**Task to complete:** Starting at the line that contains "this 1536×1035 image.", repeat each line exactly until the records end, keeping both the first and the last.

Supplied material below:

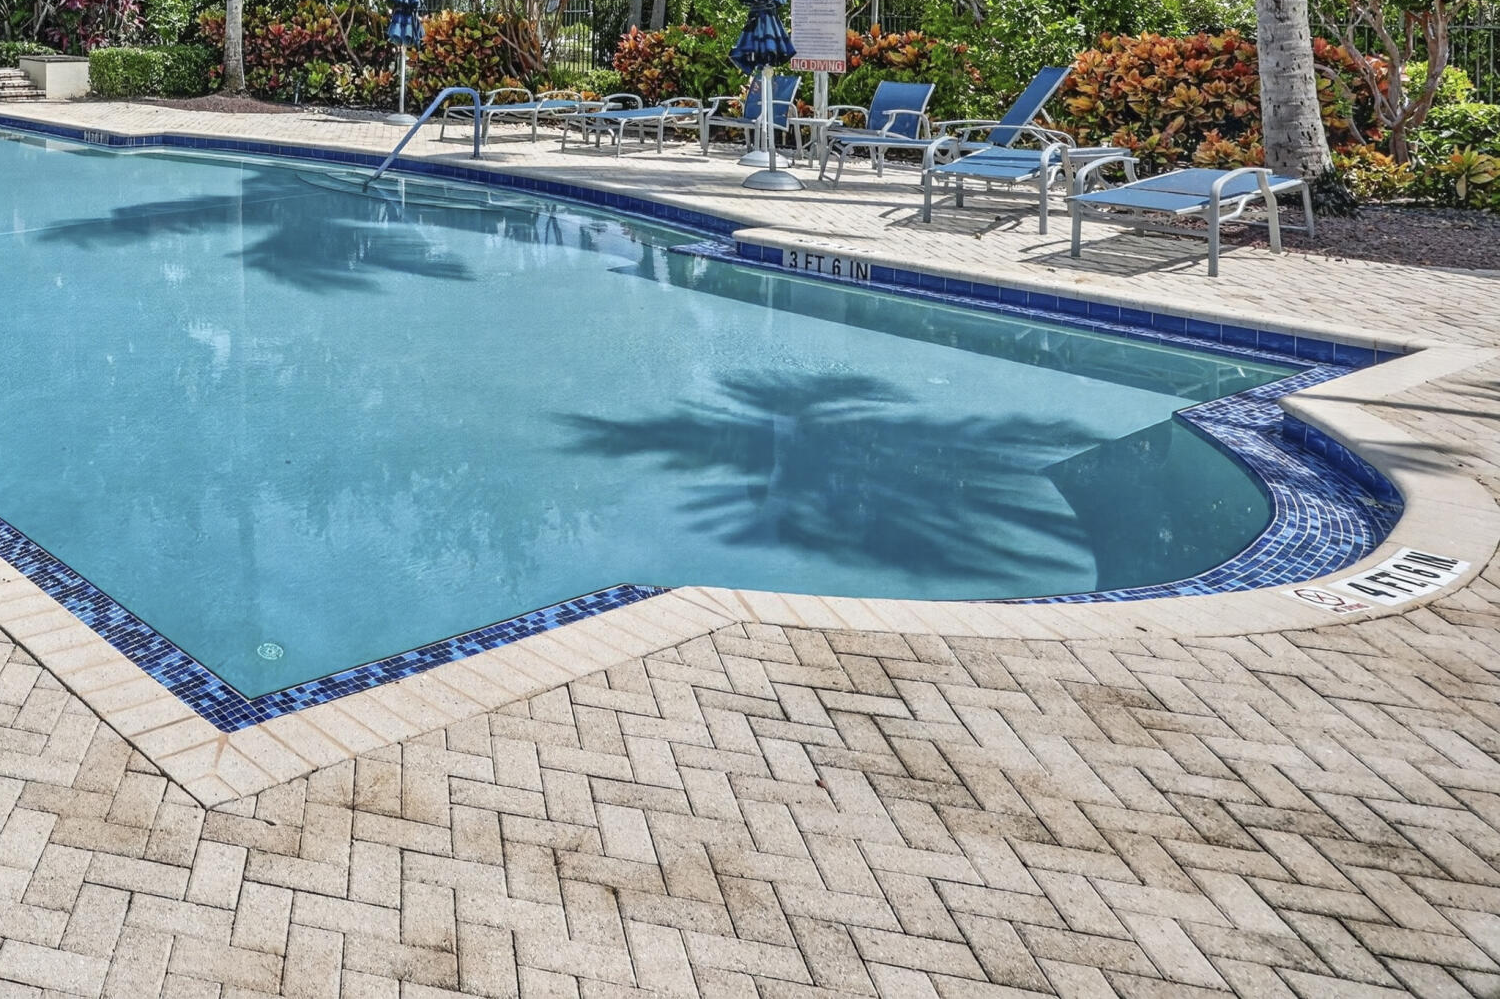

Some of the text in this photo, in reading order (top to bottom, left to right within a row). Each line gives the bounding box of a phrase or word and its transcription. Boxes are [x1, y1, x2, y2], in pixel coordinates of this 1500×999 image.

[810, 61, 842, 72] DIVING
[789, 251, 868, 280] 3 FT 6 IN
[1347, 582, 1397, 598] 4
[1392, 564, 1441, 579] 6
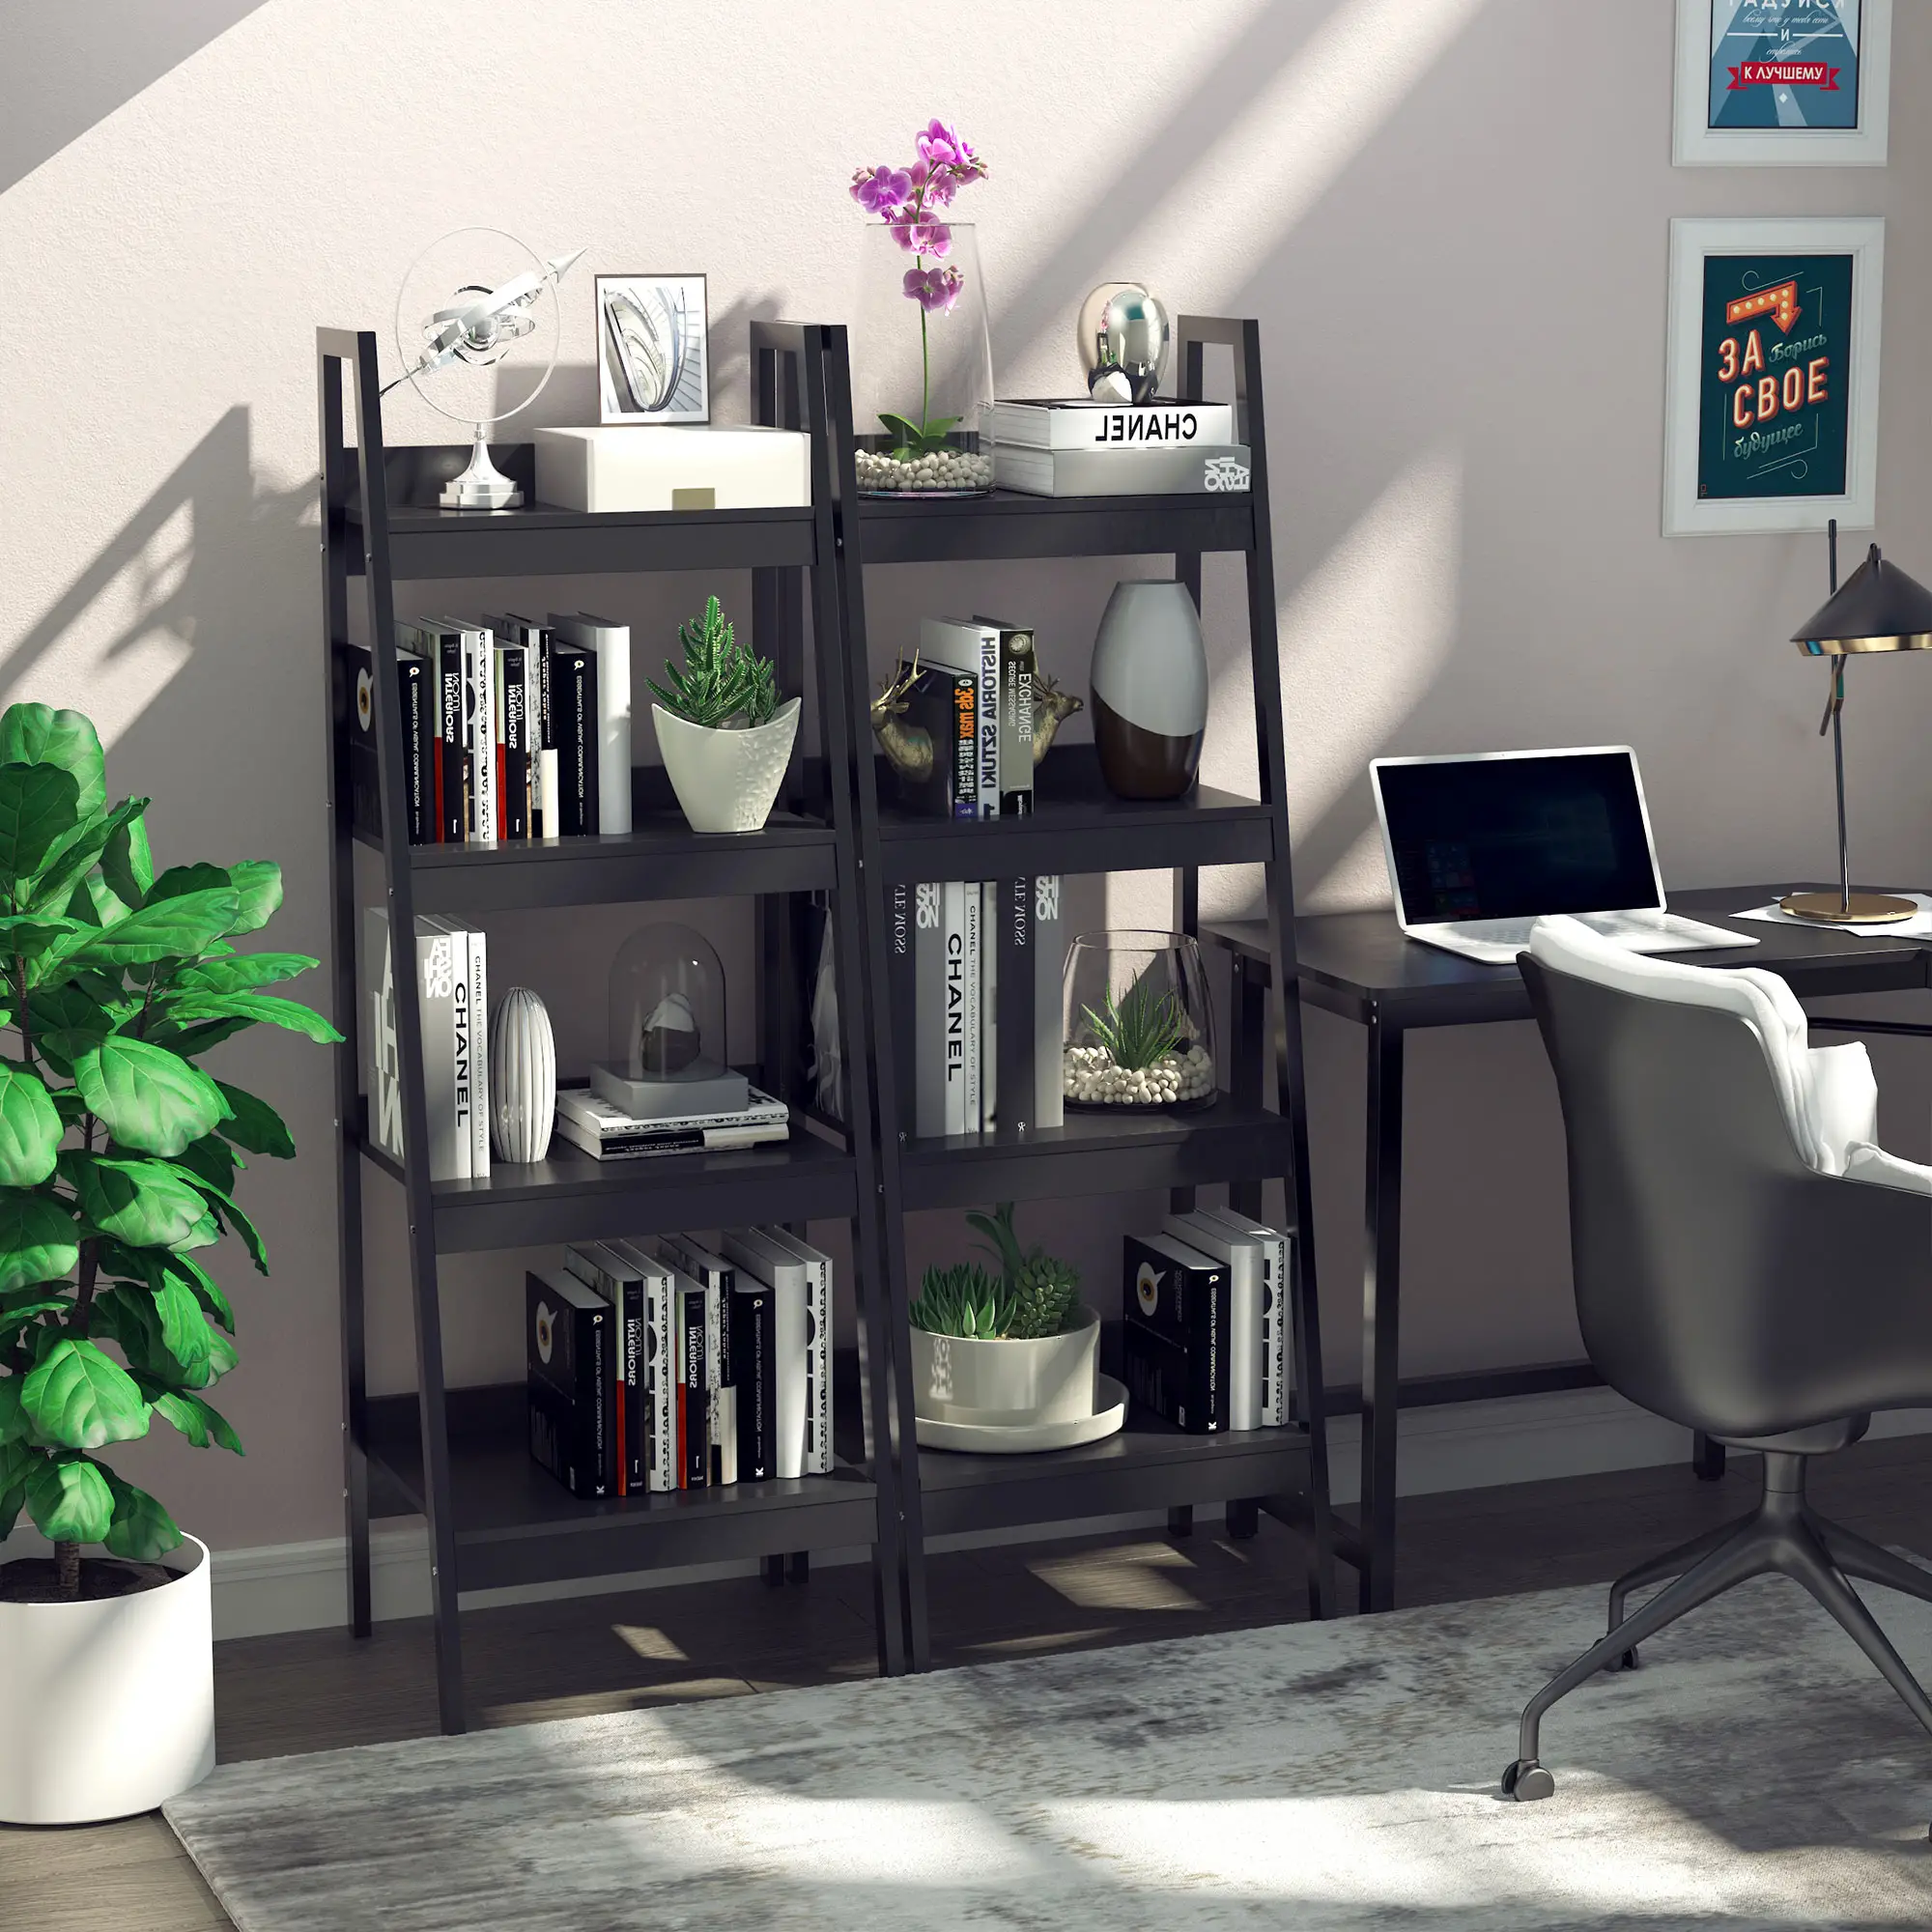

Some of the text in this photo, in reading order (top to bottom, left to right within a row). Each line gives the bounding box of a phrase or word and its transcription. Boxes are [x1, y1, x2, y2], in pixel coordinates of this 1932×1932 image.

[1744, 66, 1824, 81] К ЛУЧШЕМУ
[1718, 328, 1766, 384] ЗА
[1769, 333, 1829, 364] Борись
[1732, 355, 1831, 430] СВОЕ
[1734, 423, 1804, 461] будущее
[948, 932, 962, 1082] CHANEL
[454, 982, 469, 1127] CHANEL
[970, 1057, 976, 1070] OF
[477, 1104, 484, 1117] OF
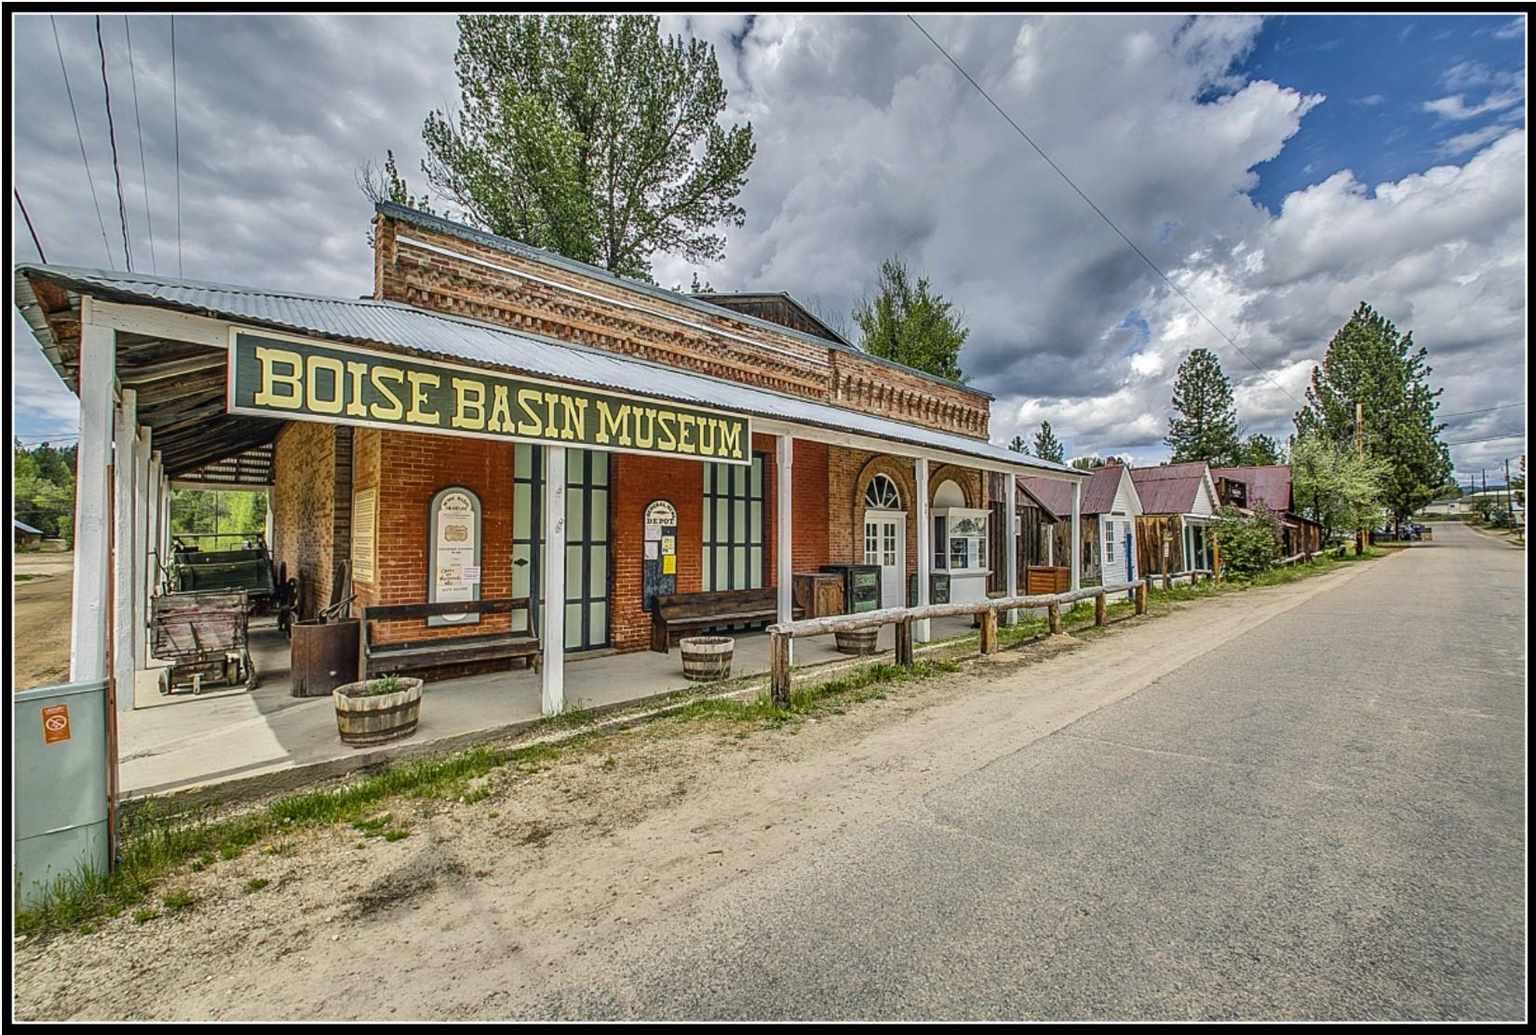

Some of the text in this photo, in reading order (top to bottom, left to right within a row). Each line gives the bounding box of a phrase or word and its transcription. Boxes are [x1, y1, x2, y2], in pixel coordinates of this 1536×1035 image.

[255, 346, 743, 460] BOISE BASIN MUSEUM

End of Supplied material.

**Exercise solution:**
Some of the text in this photo, in reading order (top to bottom, left to right within a row). Each line gives the bounding box of a phrase or word and its transcription. Boxes are [x1, y1, x2, y2], in pixel coordinates of this 1536×1035 image.

[255, 346, 743, 460] BOISE BASIN MUSEUM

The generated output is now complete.